→ WORK INSTRUCTIONS
Retype all of the data word for word, without pictures.

═══

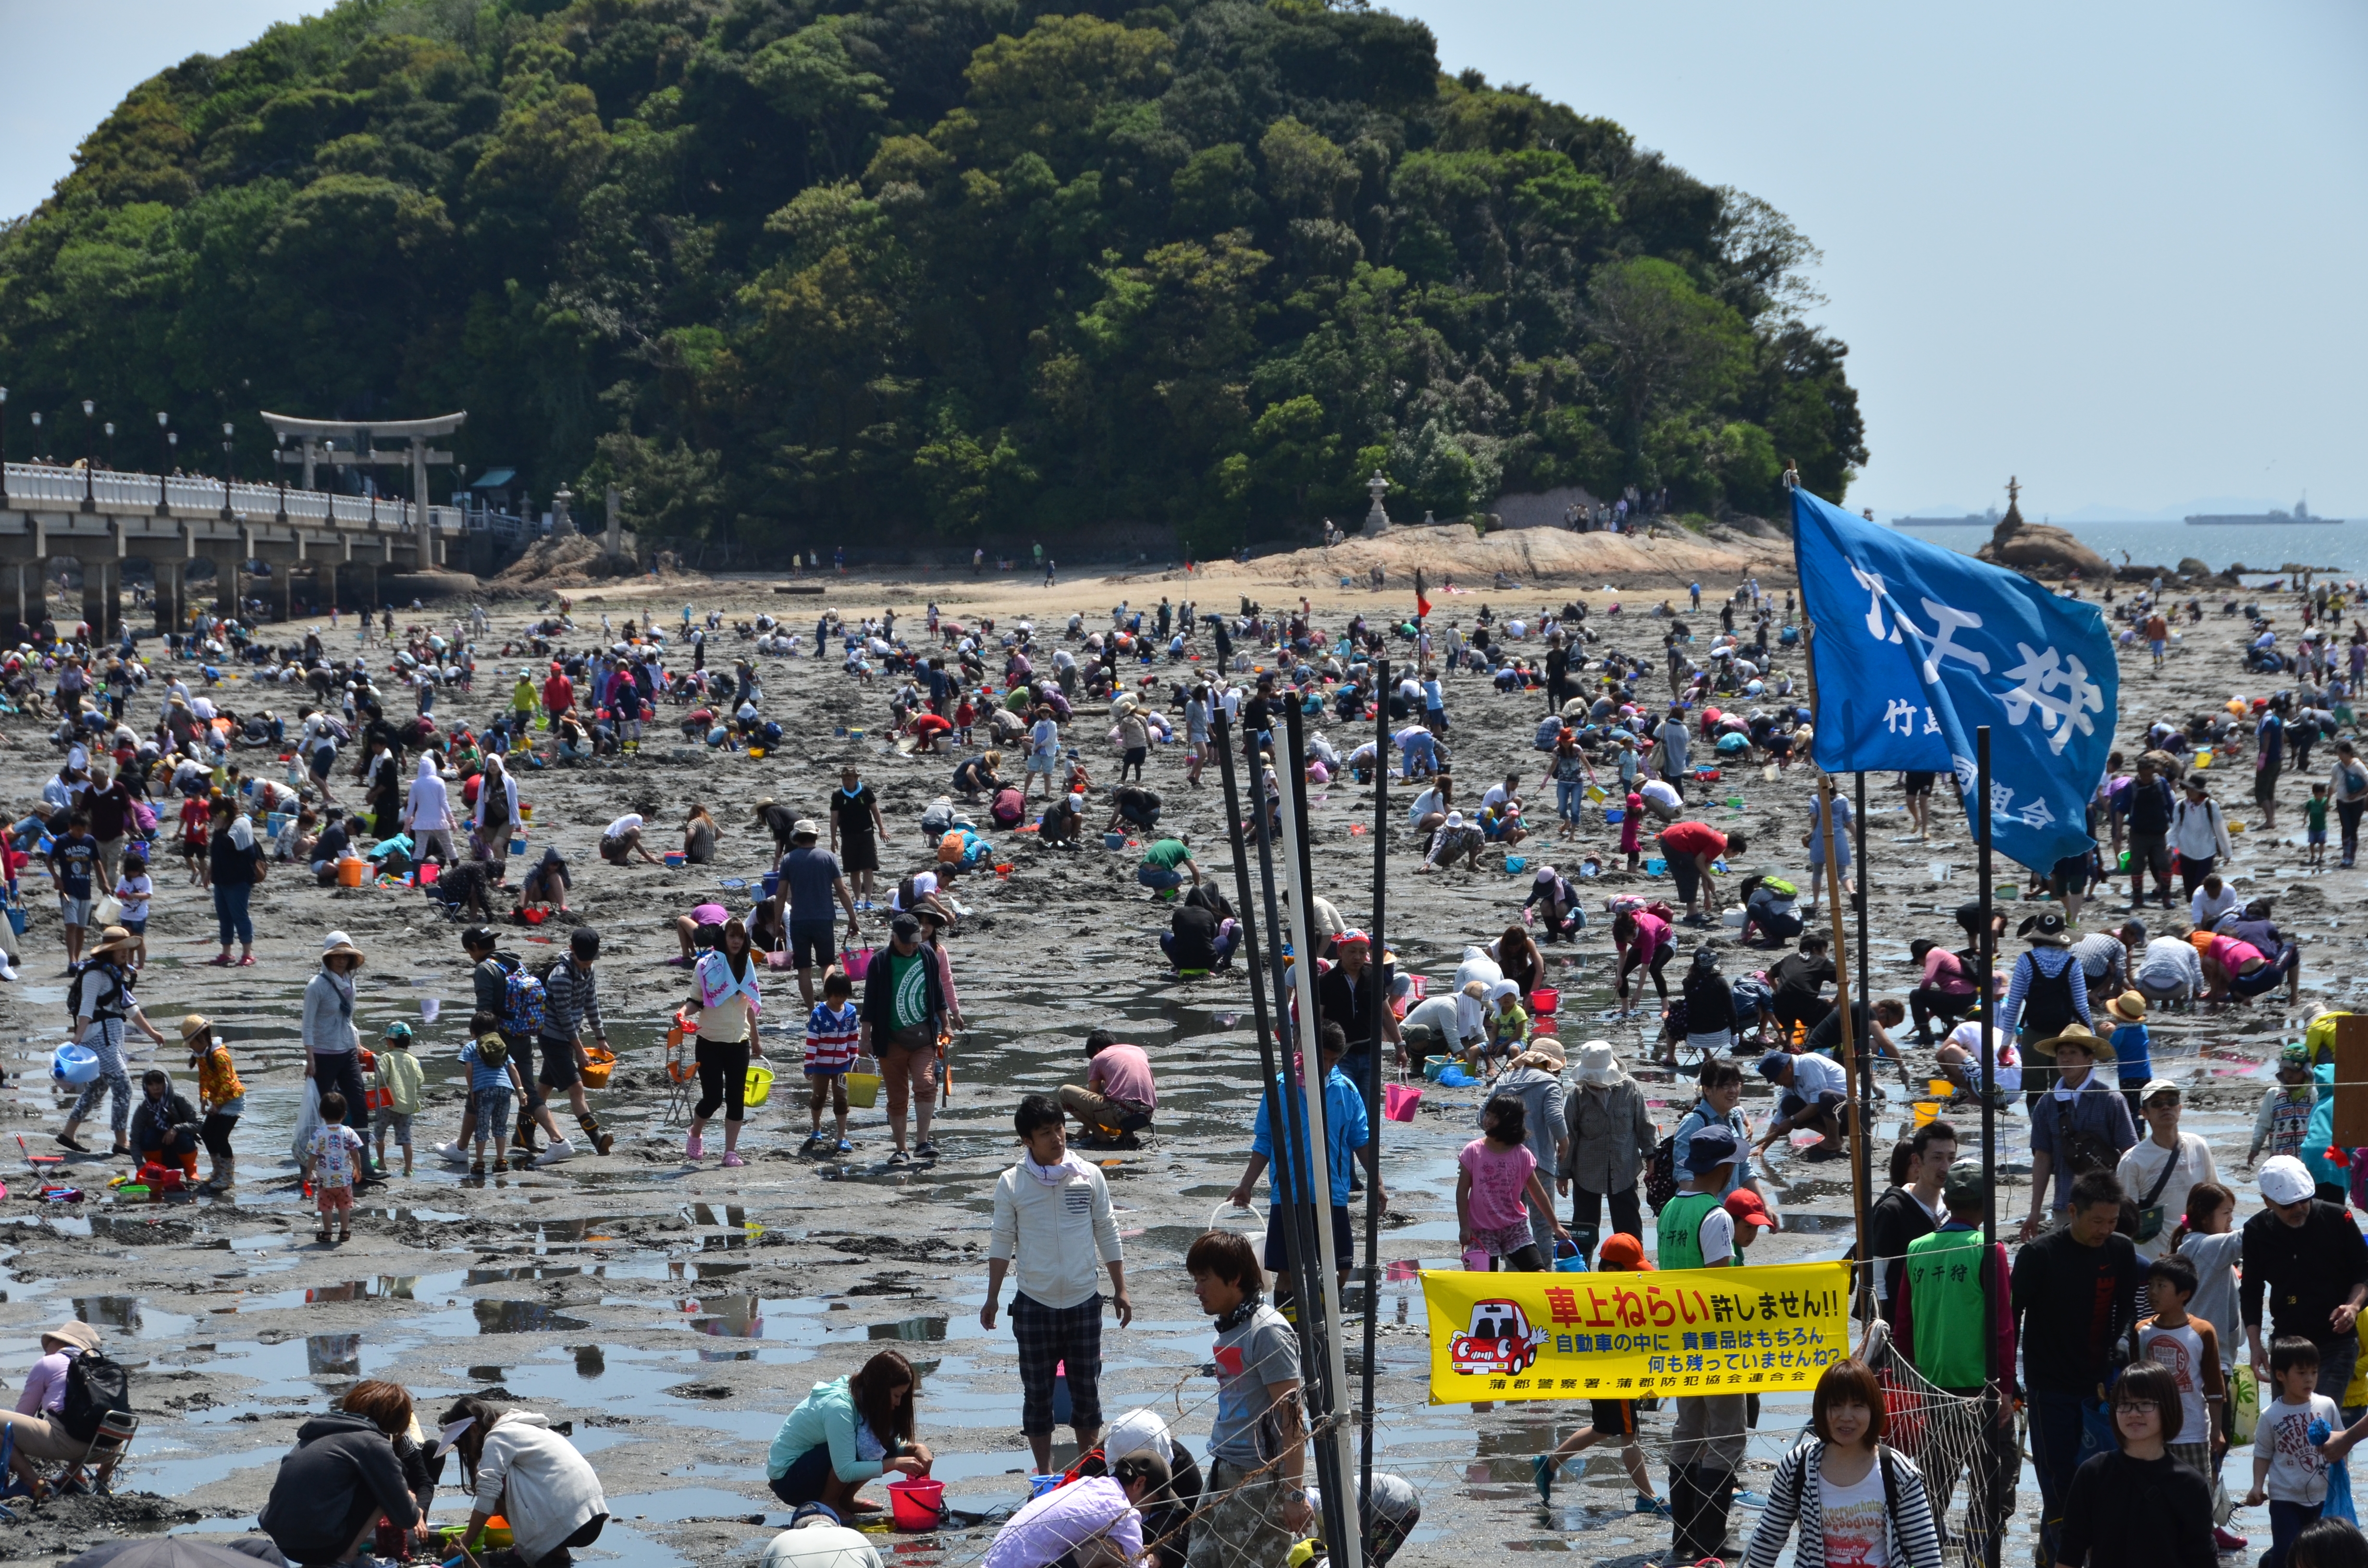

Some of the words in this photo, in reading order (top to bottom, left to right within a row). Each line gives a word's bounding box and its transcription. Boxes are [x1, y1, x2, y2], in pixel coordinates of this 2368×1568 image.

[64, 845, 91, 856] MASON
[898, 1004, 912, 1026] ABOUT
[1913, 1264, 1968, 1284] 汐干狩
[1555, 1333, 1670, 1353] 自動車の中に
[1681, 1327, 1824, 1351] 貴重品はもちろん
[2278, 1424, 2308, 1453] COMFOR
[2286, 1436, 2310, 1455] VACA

═══

→ ANSWER BELOW
Some of the words in this photo, in reading order (top to bottom, left to right within a row). Each line gives a word's bounding box and its transcription. Boxes are [x1, y1, x2, y2], in pixel coordinates of this 2368×1568 image.

[64, 845, 91, 856] MASON
[898, 1004, 912, 1026] ABOUT
[1913, 1264, 1968, 1284] 汐干狩
[1555, 1333, 1670, 1353] 自動車の中に
[1681, 1327, 1824, 1351] 貴重品はもちろん
[2278, 1424, 2308, 1453] COMFOR
[2286, 1436, 2310, 1455] VACA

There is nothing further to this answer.